If there are, the corporation is grandfathered, meaning, the nationality of the owners of the stocks
under question is examined to determine if it meets the nationality requirements.
With the PLDT ruling already in force, the SEC may have to set aside the control test and apply the
grandfather rule to corporations engaged in nationalized businesses.
For this purpose, it can require the key officials of the affected companies to submit sworn statements
of their compliance with the minimum requirement on ownership of common shares by Filipino
citizens.
But the problem is it is difficult to take affidavits at their face value. It is common knowledge that most
Filipinos have little regard for written statements even if made under oath and notary publics will
notarize any document for the right price.
Examination
If caught lying in a sworn statement (which is a big if), the person concerned can raise any of the
following defenses: lack of knowledge of the significance of his statement, that he signed upon a
lawyers advice, and that he acted in good faith in claiming compliance with the law.
The more worrisome part of the problem is, the record of conviction in our country for perjury or false
affirmation in sworn statements is dismal. Hardly anybody goes to prison for that crime.
Unless the SEC wants to take a chance on the credibility of sworn statements, it has no recourse but
apply the grandfather rule to all covered corporations.
Its tough, but it has no choice.
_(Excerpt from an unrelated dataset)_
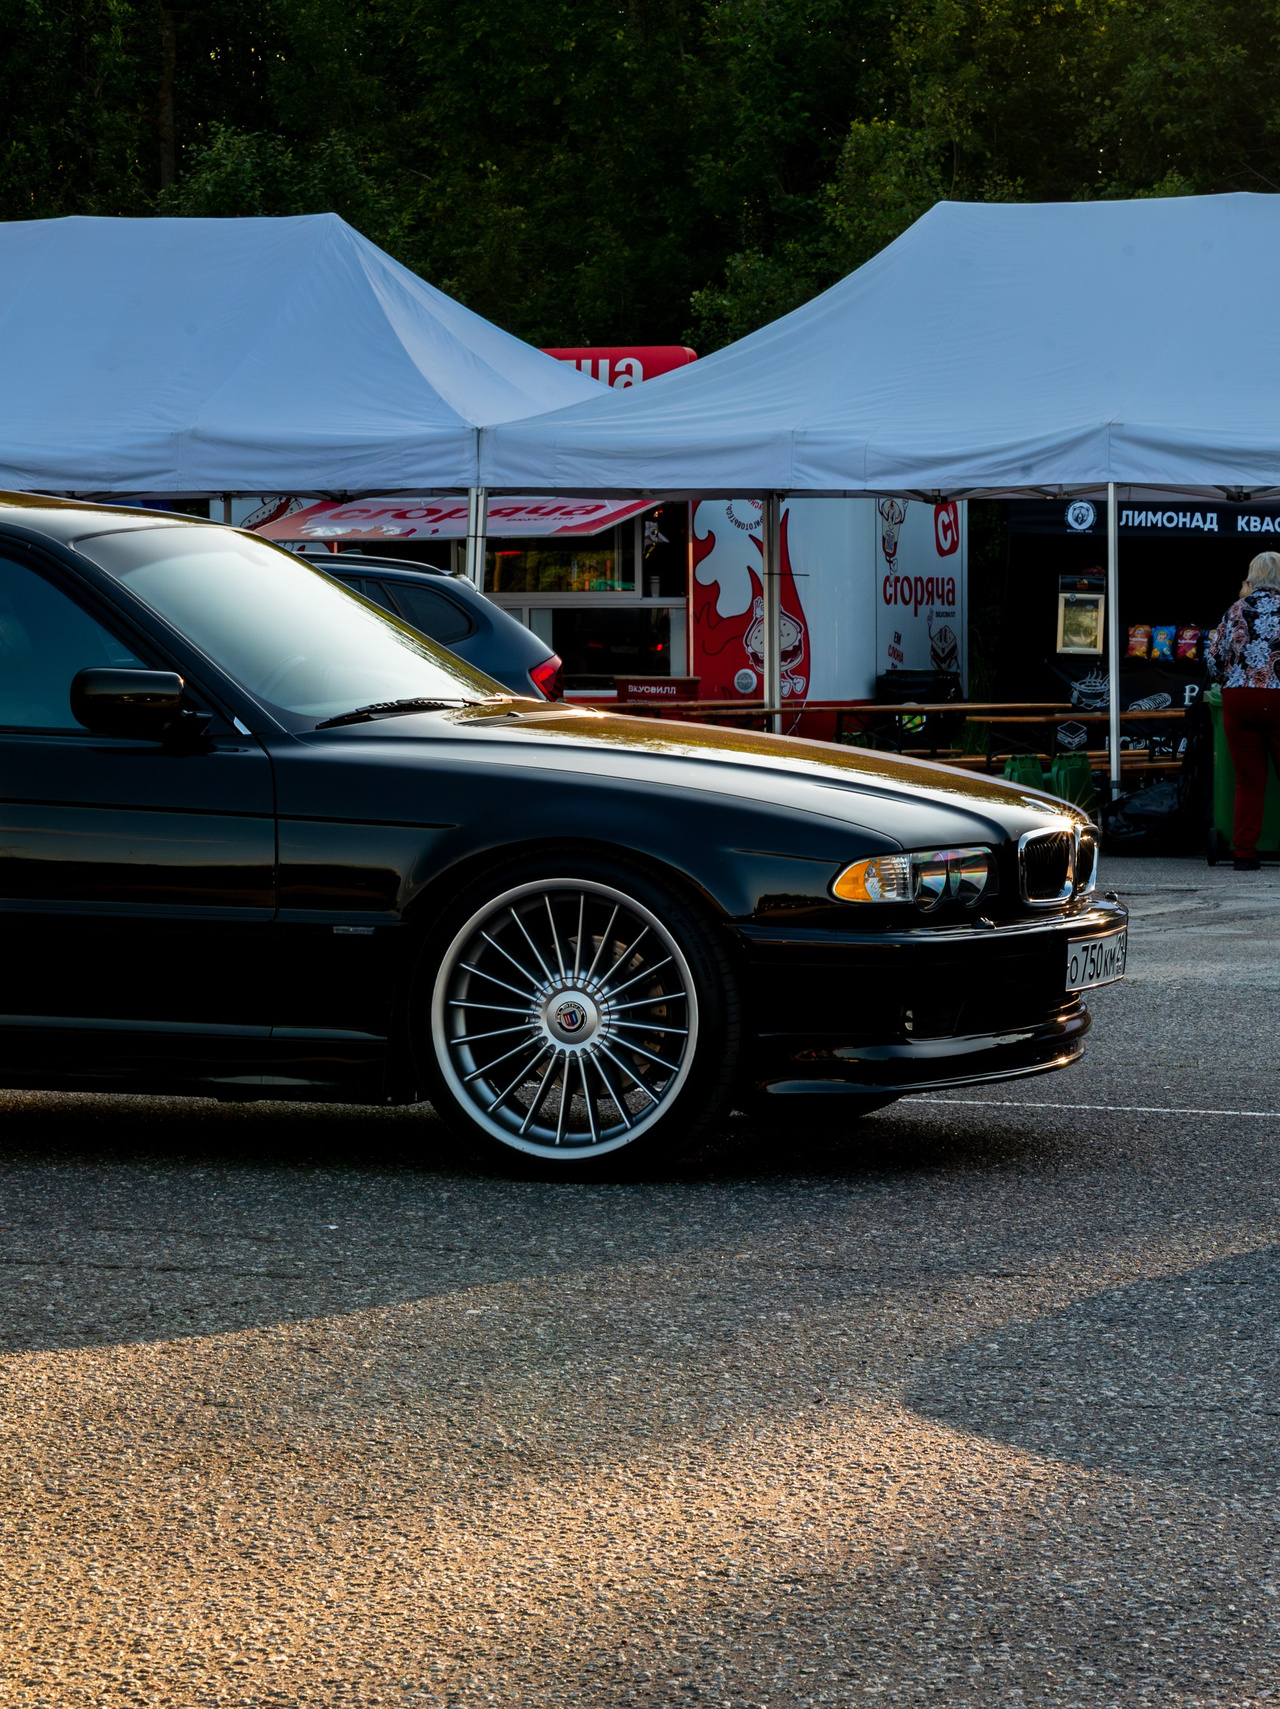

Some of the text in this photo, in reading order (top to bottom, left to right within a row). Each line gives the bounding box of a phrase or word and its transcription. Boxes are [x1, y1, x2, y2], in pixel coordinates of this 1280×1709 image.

Otherwise, it runs the risk of being dressed down by the tribunal for
not performing its duty to monitor compliance by corporations with the nationality rules.
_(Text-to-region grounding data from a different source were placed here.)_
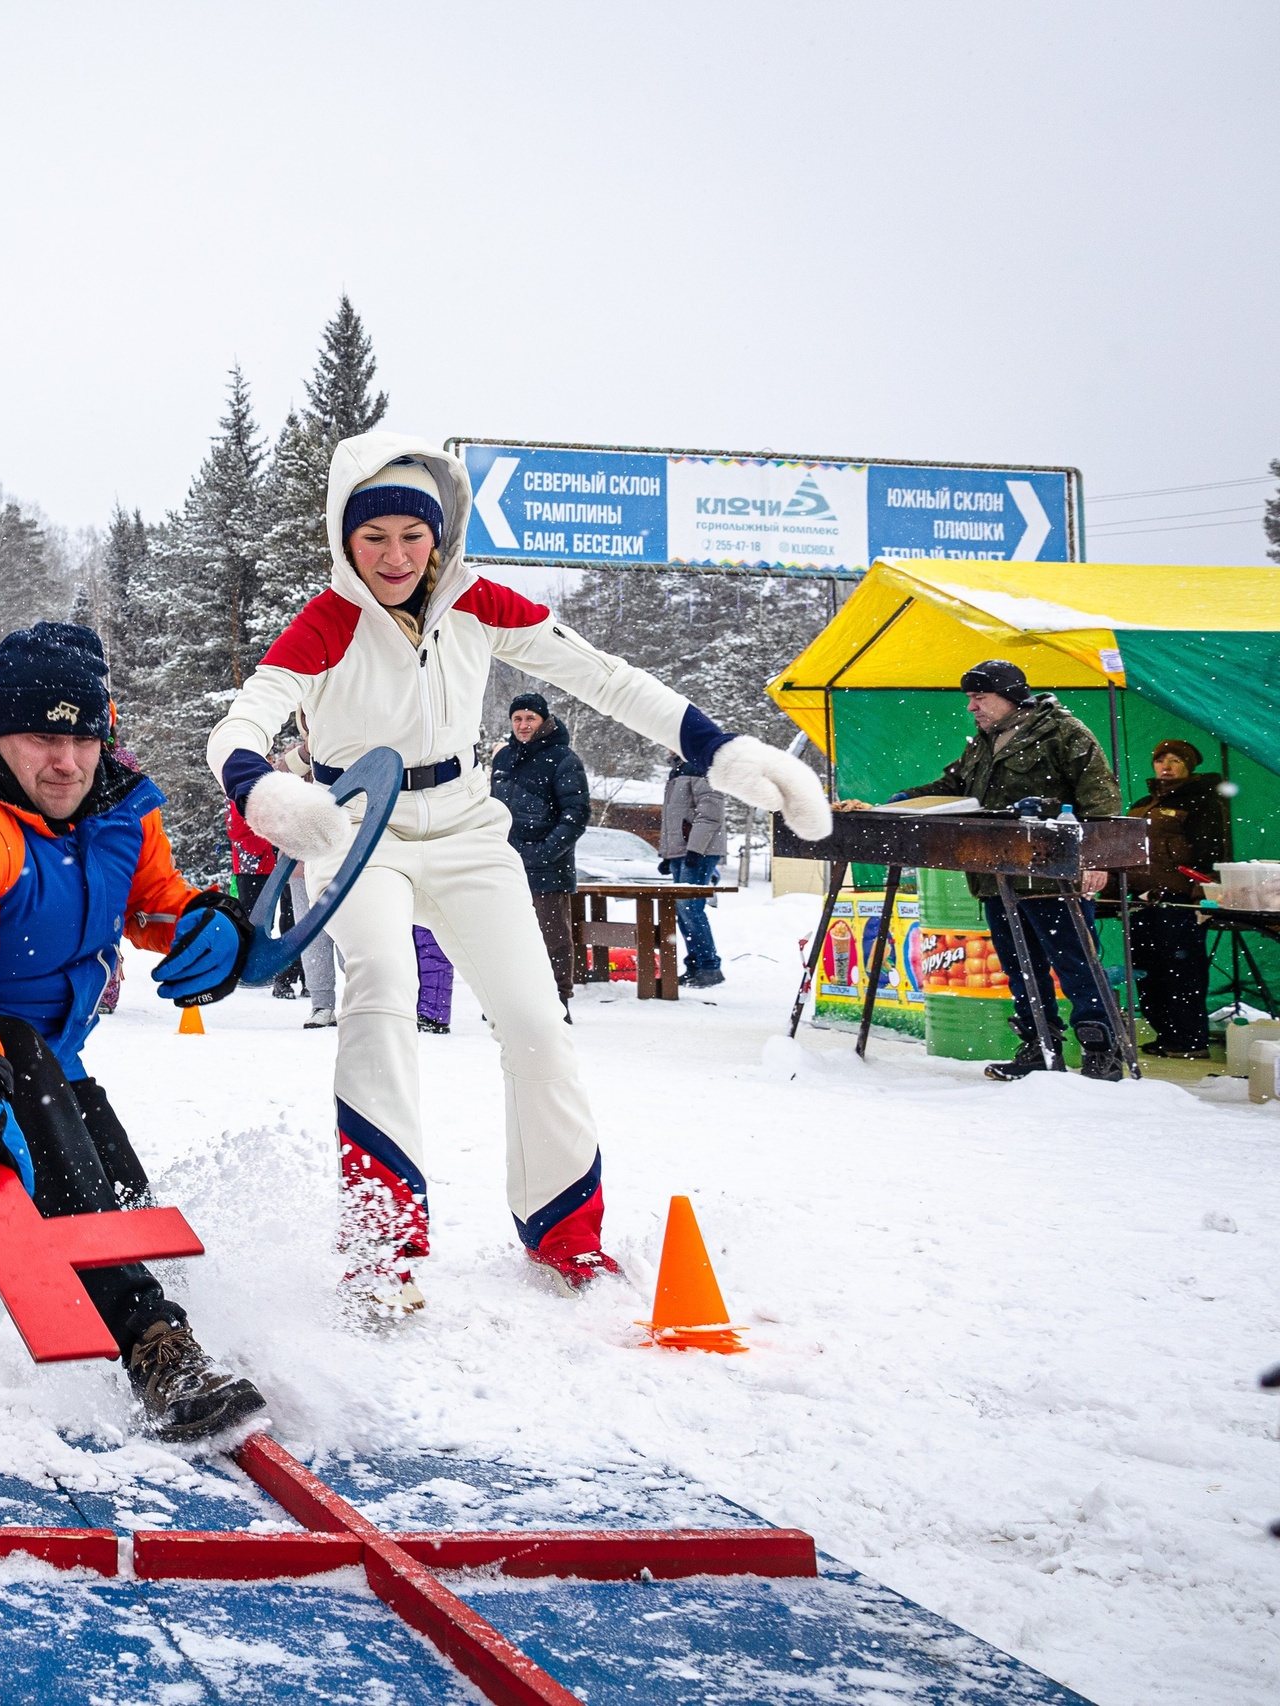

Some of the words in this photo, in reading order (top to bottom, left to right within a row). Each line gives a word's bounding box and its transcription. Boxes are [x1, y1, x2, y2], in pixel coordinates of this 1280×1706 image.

[523, 470, 606, 494] СЕВЕРНЫЙ
[609, 475, 661, 497] СКЛОН
[886, 486, 951, 510] ЮЖНЫЙ
[953, 490, 1004, 513] СКЛОН
[523, 501, 622, 525] ТРАМПЛИНЫ
[696, 520, 780, 533] горнолыжный
[782, 525, 840, 536] комплекс
[933, 519, 1005, 542] ПЛЮШКИ
[523, 531, 569, 555] БАНЯ,
[573, 533, 644, 557] БЕСЕДКИ
[716, 539, 761, 552] 255-47-18
[921, 946, 965, 975] уруза
If the examination involves only natural persons, the task is easy. The birth certificates or passports of
the people will be the best proof of their nationality.
Unfortunately, its not going to be a walk in the park for corporations that are stockholders of
corporations covered by the nationality rules.
When the corporations under review consist of two or more corporations with different areas of
registration which, in turn, consist of corporations as stockholders, will the examination be limited to
the first layer of stockholder-corporations or would also cover the second or third layer, if any?
Layering of corporations (or using corporations as stockholders of other corporations in different
stages of organization) is a common practice in the business community. Unless used for unlawful
purposes, its perfectly legal.
The SEC has to make sure that, in applying the grandfather rule in its monitoring activities, the
business of business is not unduly hampered.